第97回 国連PKOとは

本コラムにある意見や見解は執筆者個人のものであり、当事務局及び日本政府の見解を示すものではありません。

2018年2月15日
国際平和協力研究員
にしむら しょうじろう
西村 正二郎

   前回は国連安保理について書きましたが、今回は国連PKOについて書いてみたいと思います。国連のPKO(平和維持活動)は、1948年にまでその起源をさかのぼる、国連による主要な活動の一つです。にもかかわらず国連憲章に規定がないことは、関係者の間ではよく知られています。
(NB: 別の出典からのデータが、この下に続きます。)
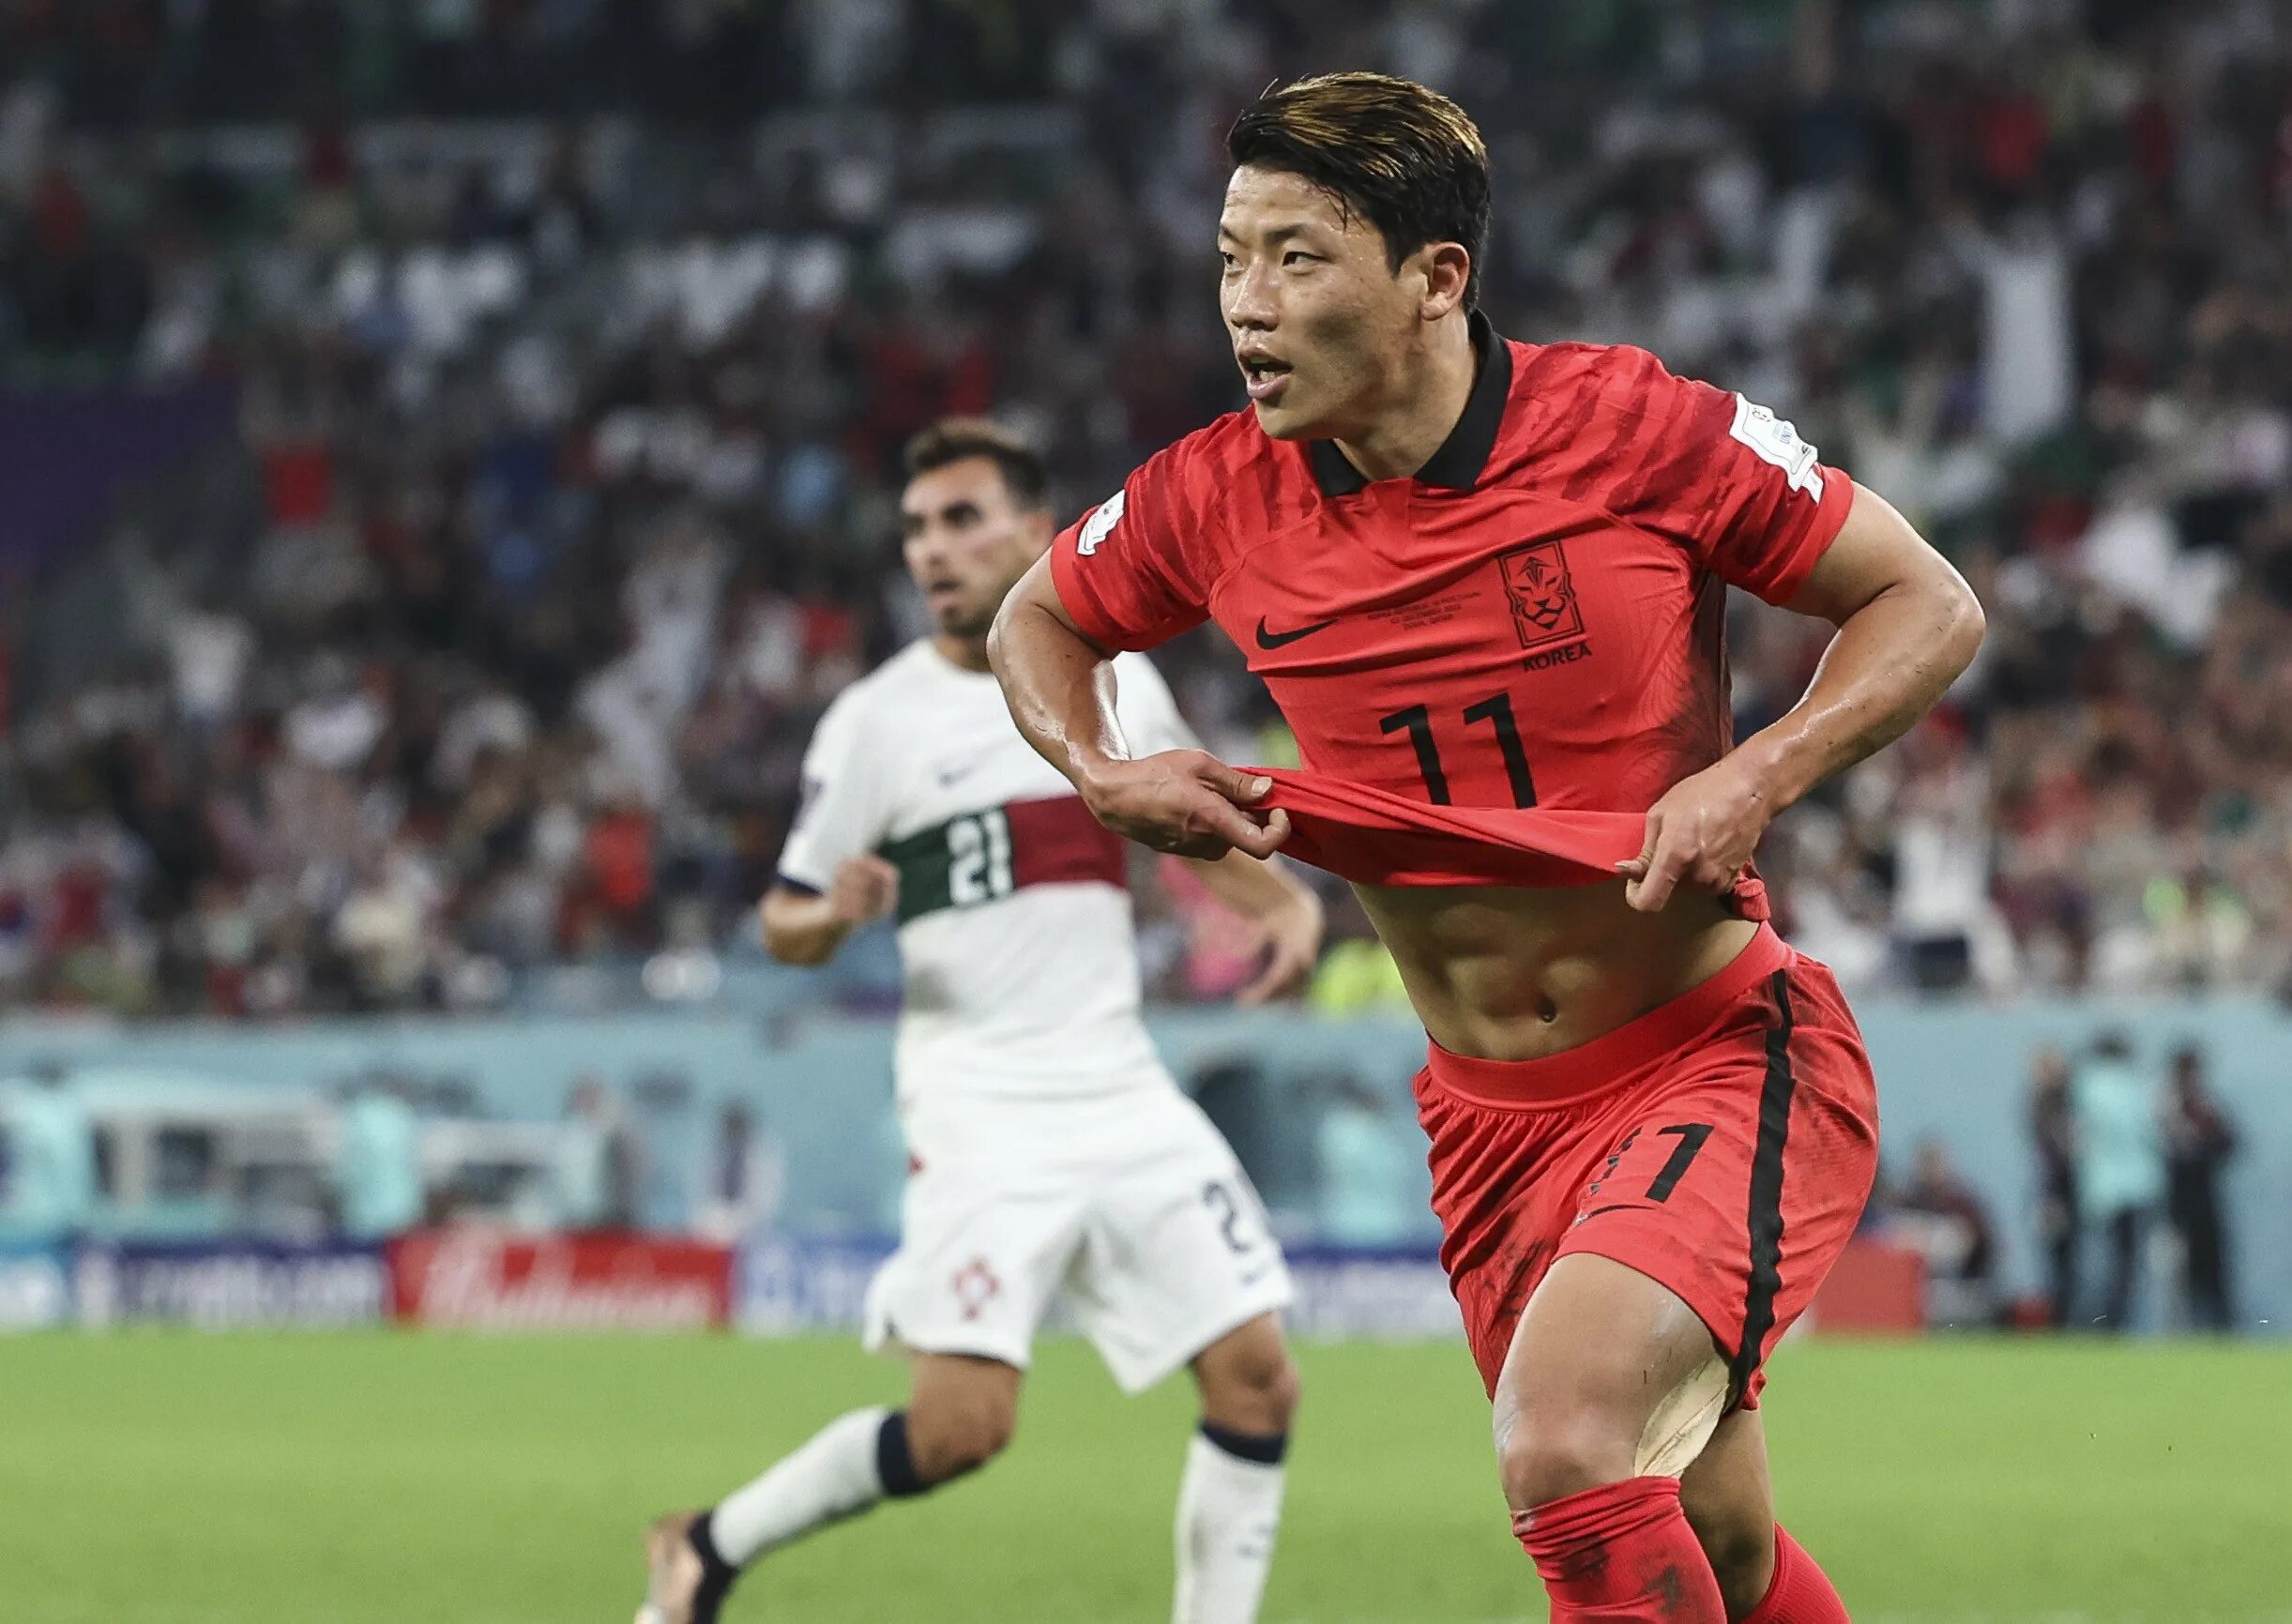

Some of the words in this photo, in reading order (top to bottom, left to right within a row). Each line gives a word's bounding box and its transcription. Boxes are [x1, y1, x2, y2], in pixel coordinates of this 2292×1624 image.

安保理同様PKOについての著書等もたくさんありますが、ここでは、現代のPKOの特徴、特別政治ミッションとの違い、そして、少し技術的ですが予算措置といった観点から取り上げてみたいと思います。

 

国連のPKOロゴ

現代の国連PKO:多種多様、いろいろ

  PKOは憲章上に規定がありません。法的に確立した定義もありません。そして現代のPKOは多種多様です。現在国連がPKOとする活動は15ミッションありますが、人数については、コソボ・UNMIKの20人弱からコンゴ民・MONUSCOの1万7千人強まであり、構成については、ゴラン高原・UNDOF等のように軍事要員のみのものもあれば、ハイチ・MINUJUSTHのように警察要員のみのものもあります[1]。予算規模は、印パ・UNMOGIPの年間1千万ドル弱のものから南スーダン・UNMISS等の10億ドル超えのものまであり、マンデート(任務)については、マリ・MINUSMA等のように非常に強力なものから、キプロス・UNFICYP等のようにいわゆる伝統的な監視業務中心のものまであります。実に多種多様、いろいろです。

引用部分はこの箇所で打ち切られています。